Small molecule restoration of wildtype structure and function of mutant p53 using a novel zinc-metallochaperone based mechanism.

// Xin Yu 1,2,* , Adam R. Blanden 3,* , Sumana Narayanan 2 , Lalithapriya Jayakumar 2 , David Lubin 3 , David Augeri 4 , S. David Kimball 4 , Stewart N. Loh 3 and Darren R. Carpizo 1,2 1 Rutgers Cancer Institute of New Jersey, New Jersey 2 Department of Surgery, Rutgers Robert Wood Johnson Medical School, New Brunswick, New Jersey 3 Department of Biochemistry and Molecular Biology, SUNY Upstate Medical University, Syracuse, New York 4 Department of Medicinal Chemistry, Rutgers Ernest Mario School of Pharmacy, Piscataway, New Jersey * These authors contributed equally to this work Correspondence: Stewart N. Loh, email: // Darren R. Carpizo, email: // Keywords : mutant p53 reactivation, zinc-metallochaperone, mutant p53 targeted drug, thiosemicarbazone, reactive oxygen species (ROS) Received : July 29, 2014 Accepted : September 02, 2014 Published : September 03, 2014 Abstract NSC319726 (ZMC1) is a small molecule that reactivates mutant p53 by restoration of WT structure/function to the most common p53 missense mutant (p53-R175H).

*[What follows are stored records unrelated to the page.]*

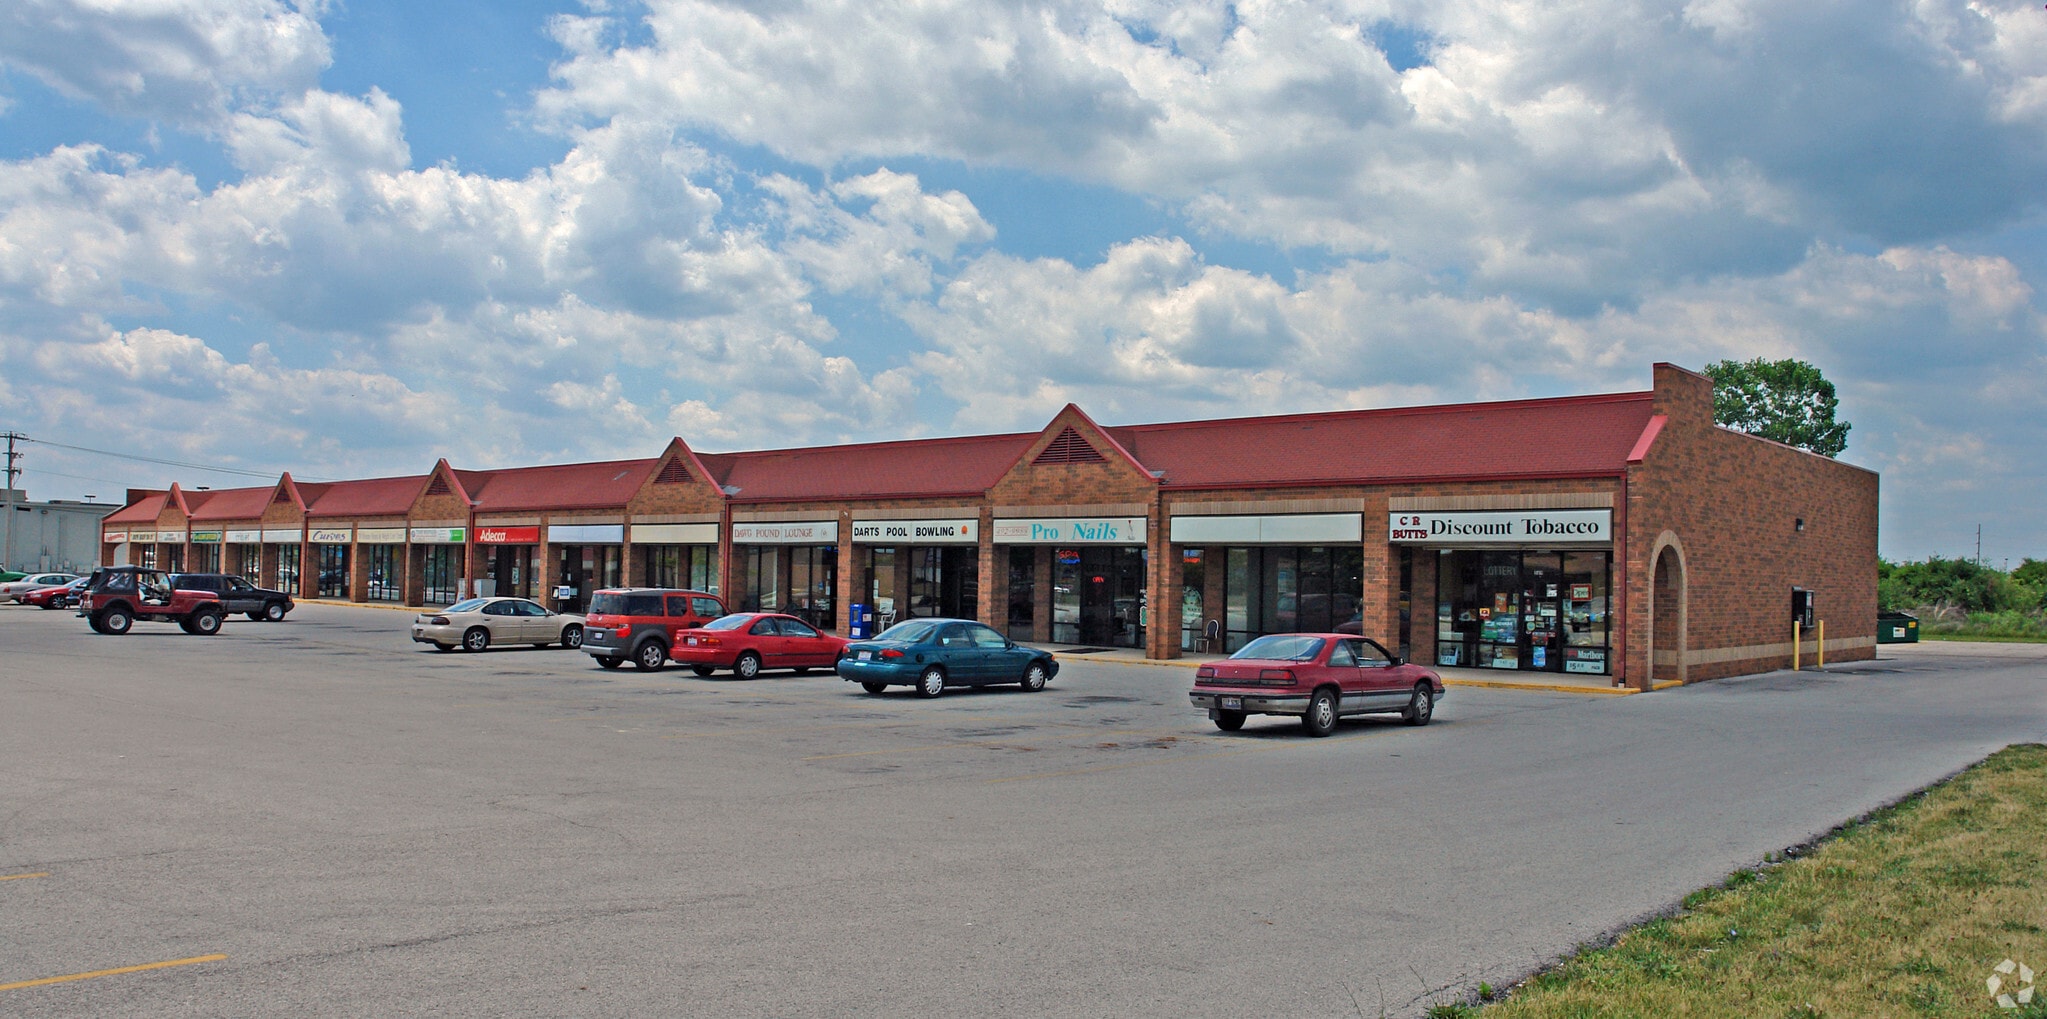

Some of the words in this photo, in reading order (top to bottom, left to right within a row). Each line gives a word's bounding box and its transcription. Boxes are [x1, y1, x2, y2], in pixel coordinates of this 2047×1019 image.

[1399, 516, 1408, 526] C
[1412, 516, 1421, 526] R
[1430, 519, 1513, 535] Discount
[1520, 518, 1599, 535] Tobacco
[312, 530, 346, 542] Curves
[480, 528, 506, 542] Adecco
[755, 528, 780, 538] POUND
[784, 528, 813, 538] LOUNGE
[853, 527, 880, 537] DARTS
[886, 527, 908, 537] POOL
[915, 526, 955, 537] BOWLING
[1031, 523, 1059, 540] Pro
[1071, 523, 1118, 541] Nails
[1392, 529, 1428, 539] BUTTS
[1058, 550, 1079, 559] SPA
[1483, 565, 1517, 576] LOTTERY
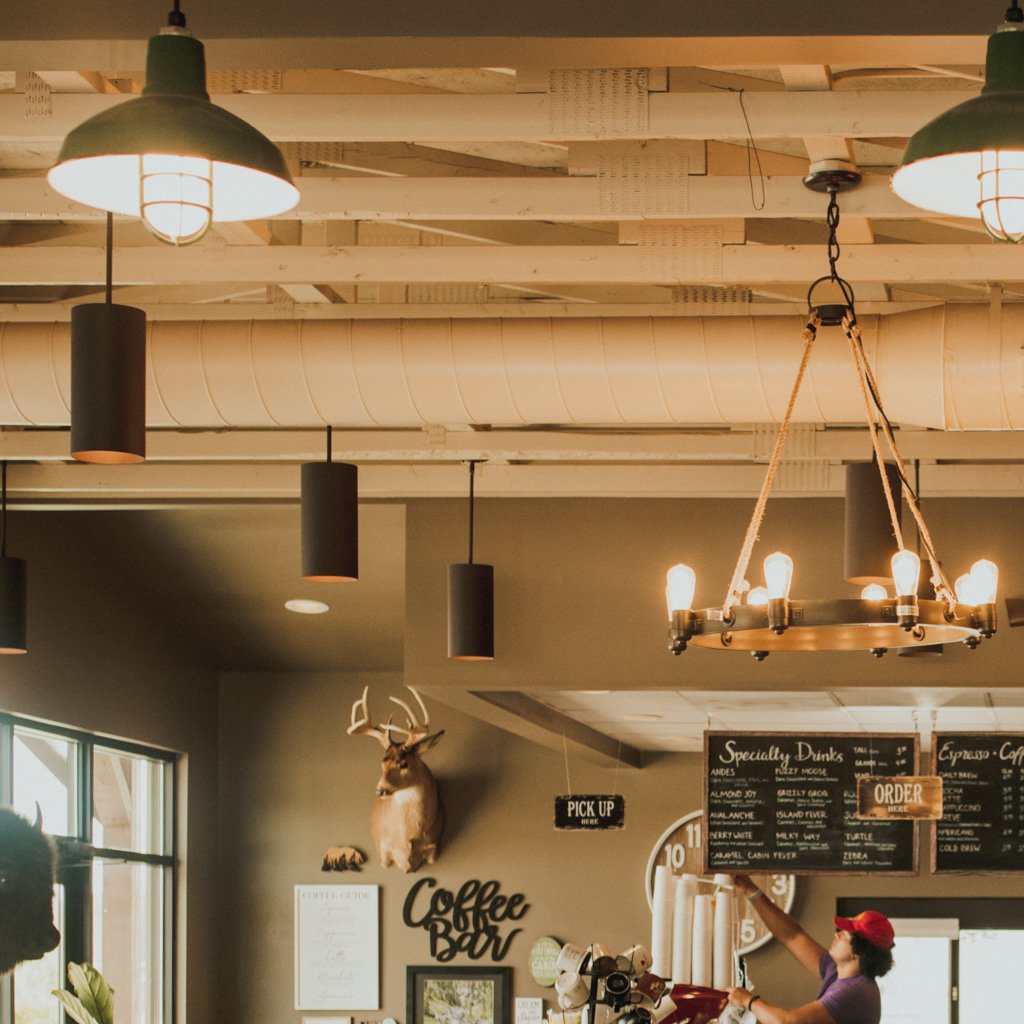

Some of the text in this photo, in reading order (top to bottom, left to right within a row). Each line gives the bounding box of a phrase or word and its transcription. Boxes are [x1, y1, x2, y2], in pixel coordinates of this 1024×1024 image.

[719, 740, 844, 769] Specialty Drinks
[938, 741, 990, 767] Espresso
[710, 768, 736, 777] ANDES
[801, 768, 828, 776] MOOSE
[958, 770, 978, 779] BREW
[710, 789, 757, 799] ALMOND JOY
[777, 789, 828, 798] GRIZZLY GROG
[874, 783, 923, 804] ORDER
[942, 787, 964, 795] OCHA
[943, 795, 961, 803] ATTE
[567, 800, 615, 817] PICK UP
[887, 805, 909, 813] HERE
[943, 804, 981, 812] APPUCCINO
[709, 811, 755, 820] AVALANCHE
[776, 811, 828, 819] ISLAND FEVER
[942, 813, 961, 822] REVE
[686, 823, 700, 848] 11
[709, 831, 753, 840] BERRY WHITE
[775, 832, 821, 841] MILKY WAY
[845, 832, 873, 841] TURTLE
[939, 844, 981, 852] COLD BREW
[665, 843, 685, 868] 10
[710, 851, 798, 860] CARAMEL CABIN FEVER
[842, 851, 869, 860] ZEBRA
[771, 875, 787, 895] 3
[302, 892, 337, 900] COFFEE
[402, 877, 530, 931] Coffee
[740, 919, 756, 943] 5
[429, 918, 523, 962] Bar

We investigated the mechanism by which ZMC1 reactivates p53-R175H and provide evidence that ZMC1: 1) restores WT structure by functioning as a zinc-metallochaperone, providing an optimal concentration of zinc to facilitate proper folding; and 2) increases cellular reactive oxygen species that transactivate the newly conformed p53-R175H (via post-translational modifications), inducing an apoptotic program. We not only demonstrate that this zinc metallochaperone function is possessed by other zinc-binding small molecules, but that it can reactivate other p53 mutants with impaired zinc binding. This represents a novel mechanism for an anti-cancer drug and a new pathway to drug mutant p53. Significance: We have elucidated a novel mechanism to restore wild-type structure/function to mutant p53 using small molecules functioning as zinc-metallochaperones. The pharmacologic delivery of a metal ion to restore proper folding of a mutant protein is unique to medicinal chemistry and represents a new pathway to drug mutant p53.